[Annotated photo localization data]
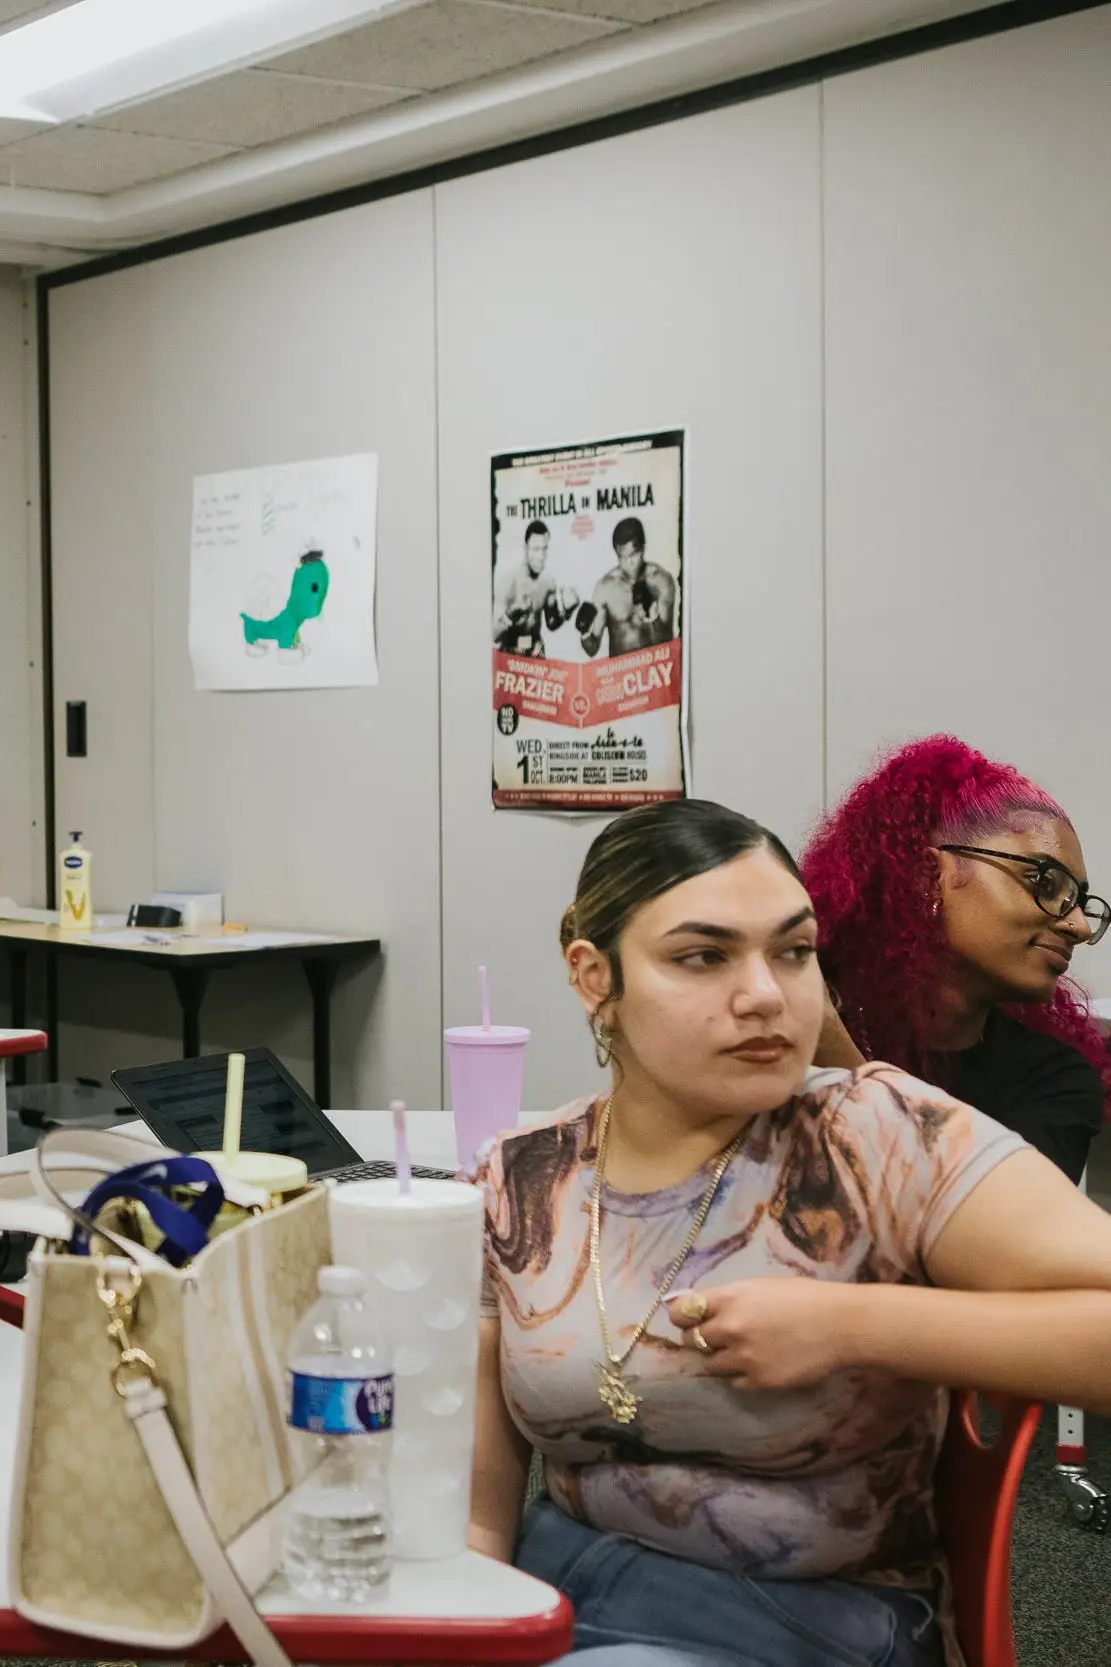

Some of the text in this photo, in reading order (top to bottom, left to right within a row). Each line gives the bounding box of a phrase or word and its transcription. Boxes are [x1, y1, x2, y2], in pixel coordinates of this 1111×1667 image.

[520, 492, 577, 519] THRILLA
[581, 497, 592, 509] IN
[596, 482, 655, 510] MANILA
[623, 661, 673, 696] CLAY
[494, 671, 565, 704] FRAZIER
[501, 707, 514, 716] NO
[501, 724, 514, 733] TV
[516, 739, 546, 753] WED.
[549, 752, 579, 760] RINGSIDE
[581, 752, 589, 760] AT
[517, 755, 544, 784] 1 ST
[629, 768, 648, 782] $20
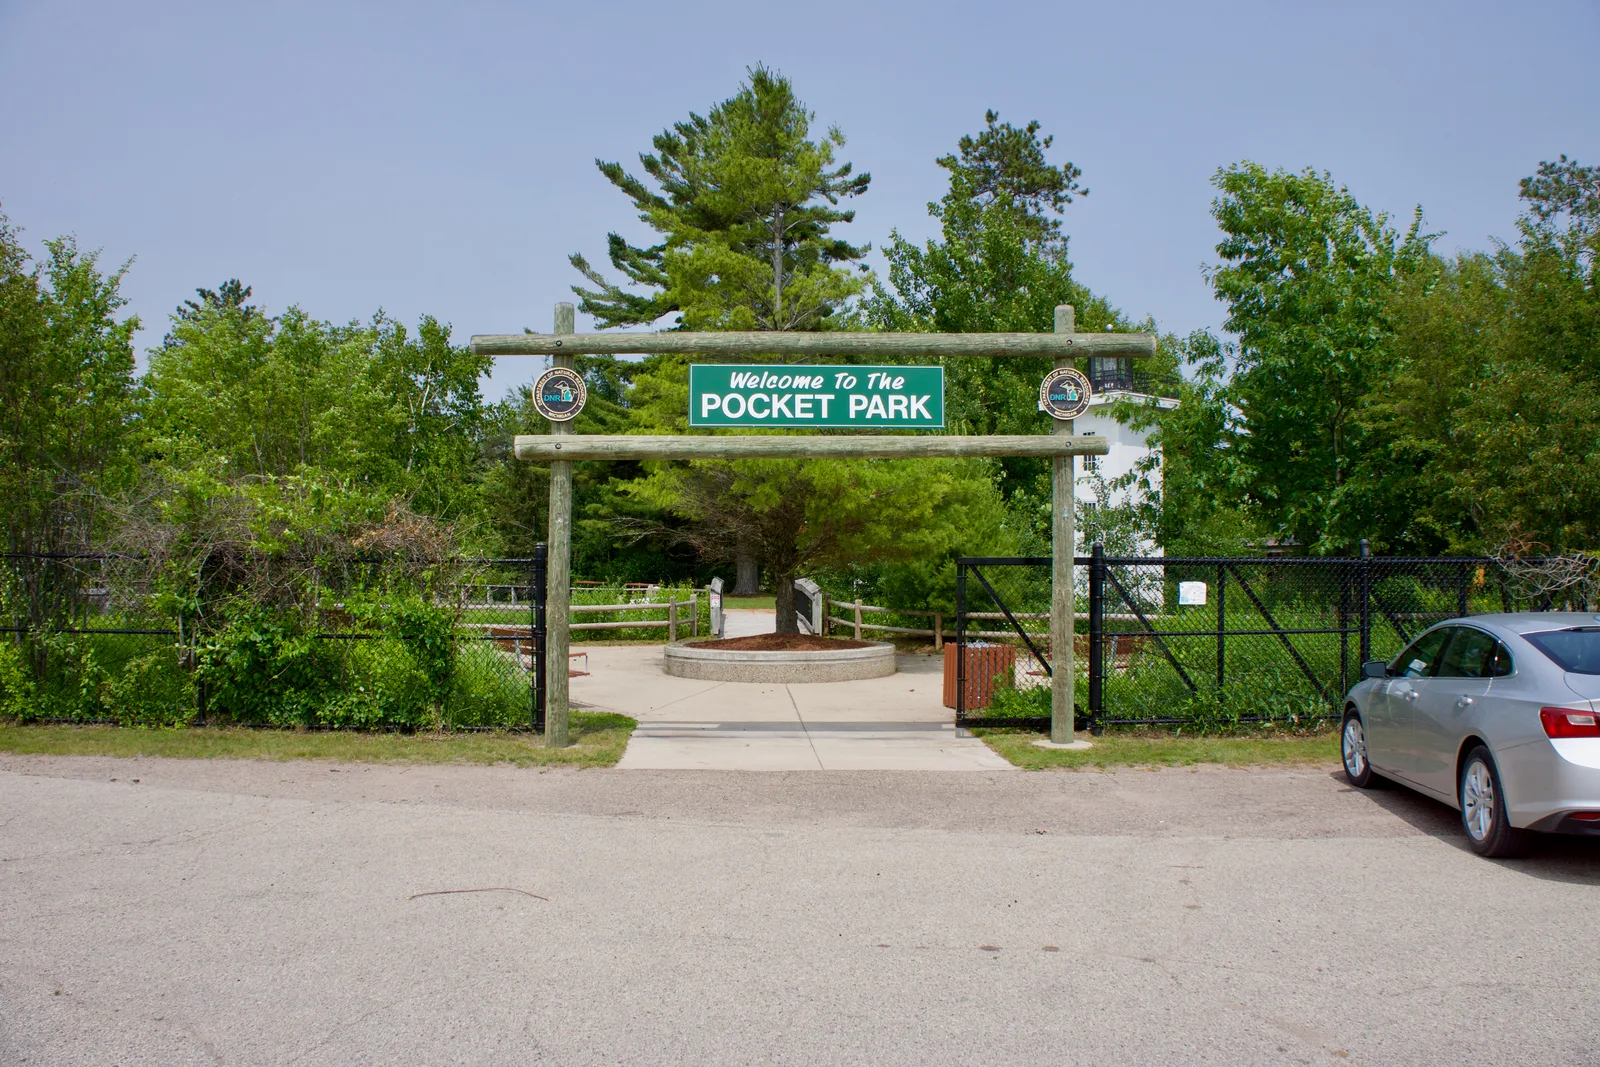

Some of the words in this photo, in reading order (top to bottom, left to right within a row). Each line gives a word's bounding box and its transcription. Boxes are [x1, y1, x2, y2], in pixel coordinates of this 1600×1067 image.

[536, 376, 548, 406] DEPARTMENT
[554, 370, 575, 379] NATURAL
[574, 377, 585, 406] RESOURCES
[729, 371, 824, 390] Welcome
[834, 372, 857, 390] To
[867, 372, 905, 390] The
[1042, 376, 1053, 405] DEPARTMENT
[1059, 370, 1080, 379] NATURAL
[1080, 377, 1090, 405] RESOURCES
[701, 393, 835, 419] POCKET
[849, 394, 932, 420] PARK
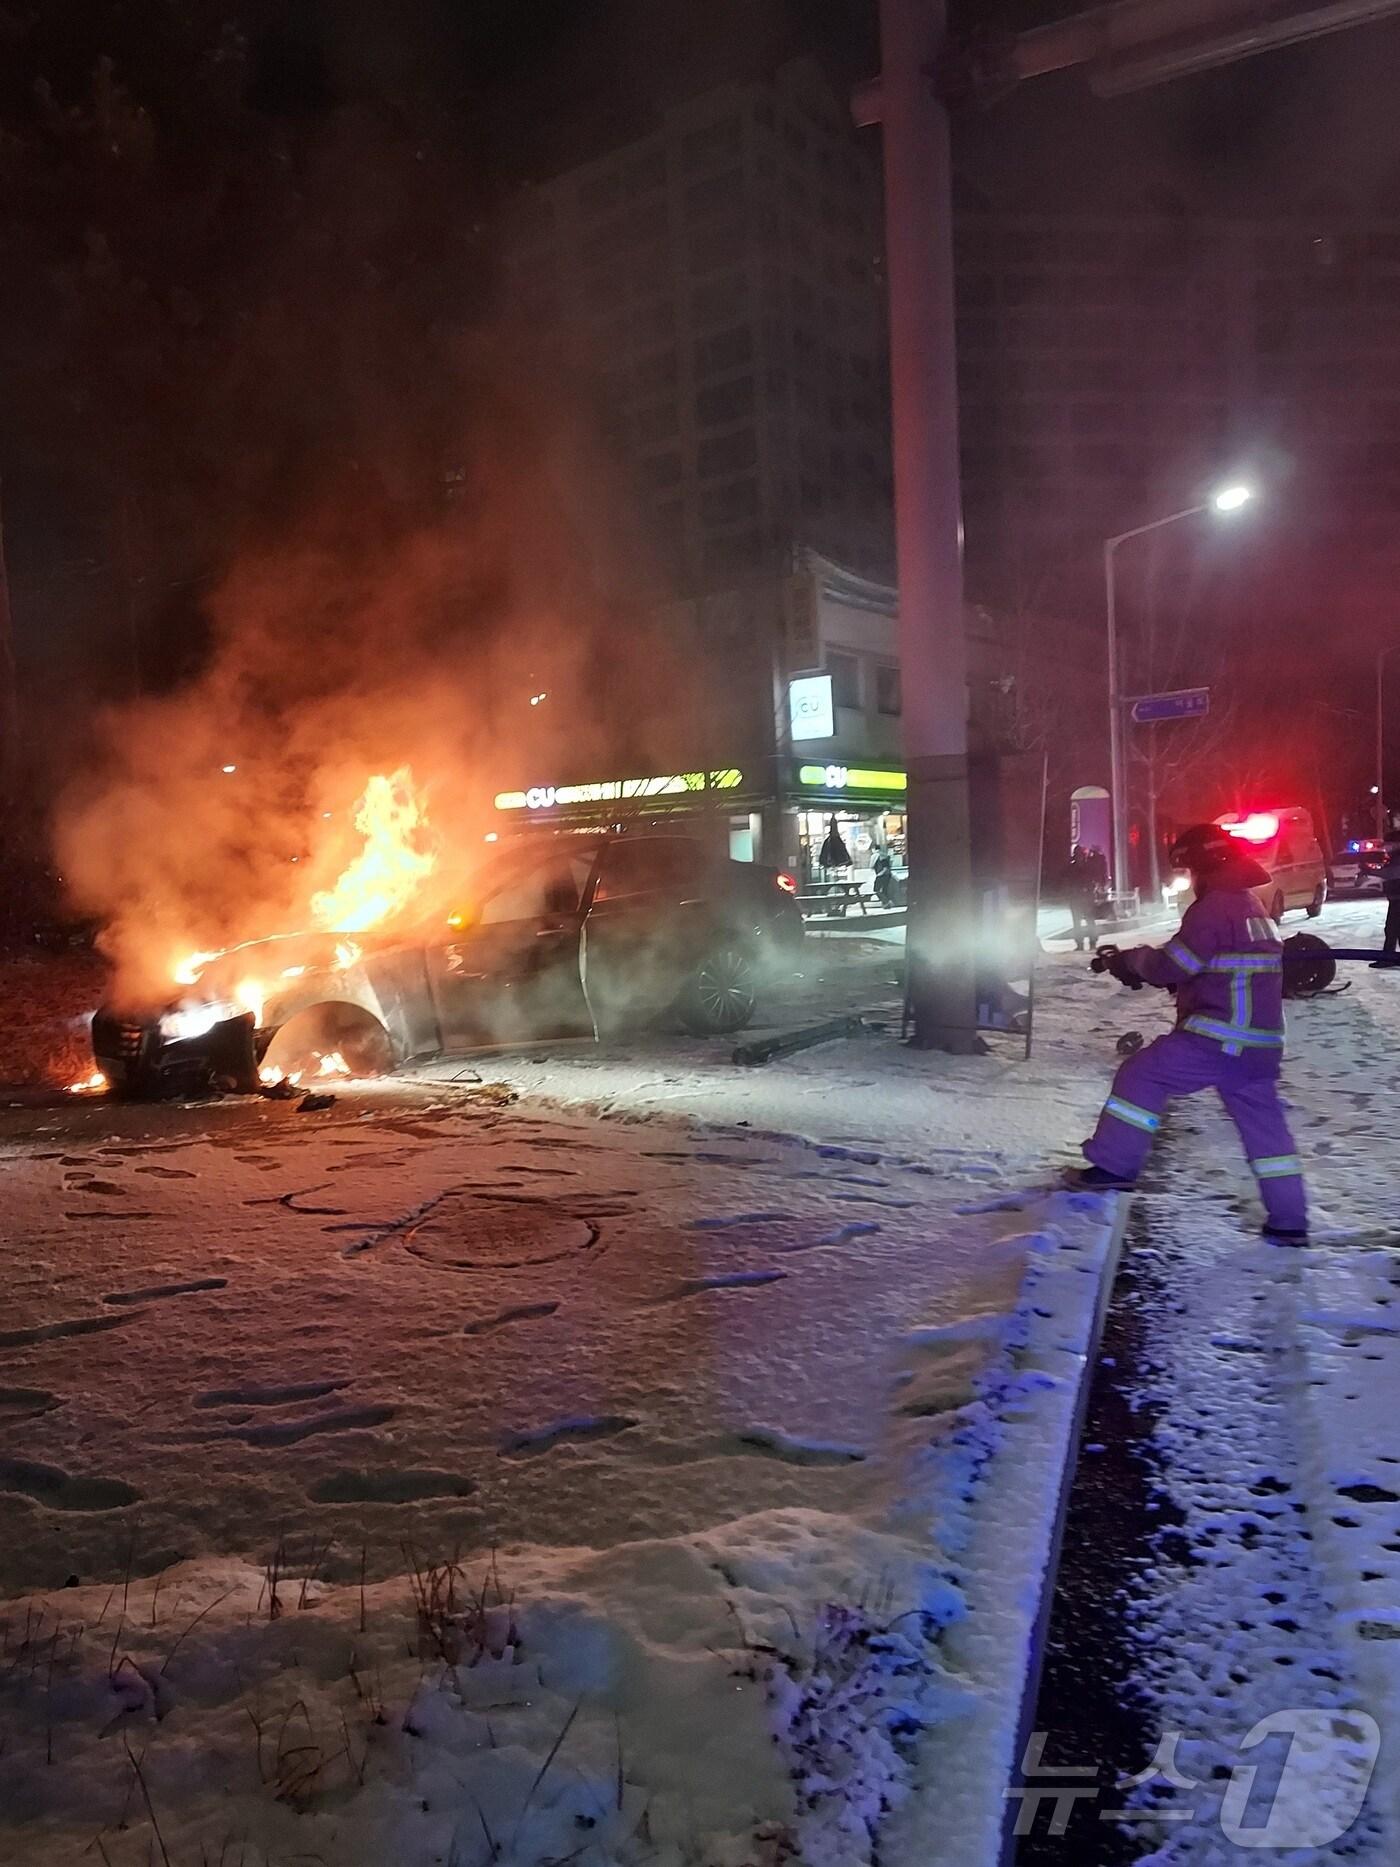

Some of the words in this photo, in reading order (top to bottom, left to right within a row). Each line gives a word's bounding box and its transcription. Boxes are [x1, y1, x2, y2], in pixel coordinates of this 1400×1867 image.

[801, 701, 819, 713] CU
[825, 765, 848, 788] CU
[526, 786, 556, 809] CU

[THE PROBLEM] Repeat the entries exactly as they are given, leaving out each image.

[OUTPUT]
Some of the text in this photo, in reading order (top to bottom, left to right within a row). Each line gives the bounding box of a phrase or word and its transcription. Boxes are [x1, y1, x2, y2], in pixel coordinates of this 1111×1667 image.

[520, 492, 577, 519] THRILLA
[581, 497, 592, 509] IN
[596, 482, 655, 510] MANILA
[623, 661, 673, 696] CLAY
[494, 671, 565, 704] FRAZIER
[501, 707, 514, 716] NO
[501, 724, 514, 733] TV
[516, 739, 546, 753] WED.
[549, 752, 579, 760] RINGSIDE
[581, 752, 589, 760] AT
[517, 755, 544, 784] 1 ST
[629, 768, 648, 782] $20

Some of the words in this photo, in reading order (top to bottom, left to right within a row). Each line gives a word's bounding box and its transcription. Boxes are [x1, y1, x2, y2], in pixel coordinates of this 1600×1067 image.

[536, 376, 548, 406] DEPARTMENT
[554, 370, 575, 379] NATURAL
[574, 377, 585, 406] RESOURCES
[729, 371, 824, 390] Welcome
[834, 372, 857, 390] To
[867, 372, 905, 390] The
[1042, 376, 1053, 405] DEPARTMENT
[1059, 370, 1080, 379] NATURAL
[1080, 377, 1090, 405] RESOURCES
[701, 393, 835, 419] POCKET
[849, 394, 932, 420] PARK

Some of the words in this photo, in reading order (top to bottom, left to right within a row). Each line gives a word's bounding box and its transcription. Boxes are [x1, y1, x2, y2], in pixel coordinates of this 1400×1867 image.

[801, 701, 819, 713] CU
[825, 765, 848, 788] CU
[526, 786, 556, 809] CU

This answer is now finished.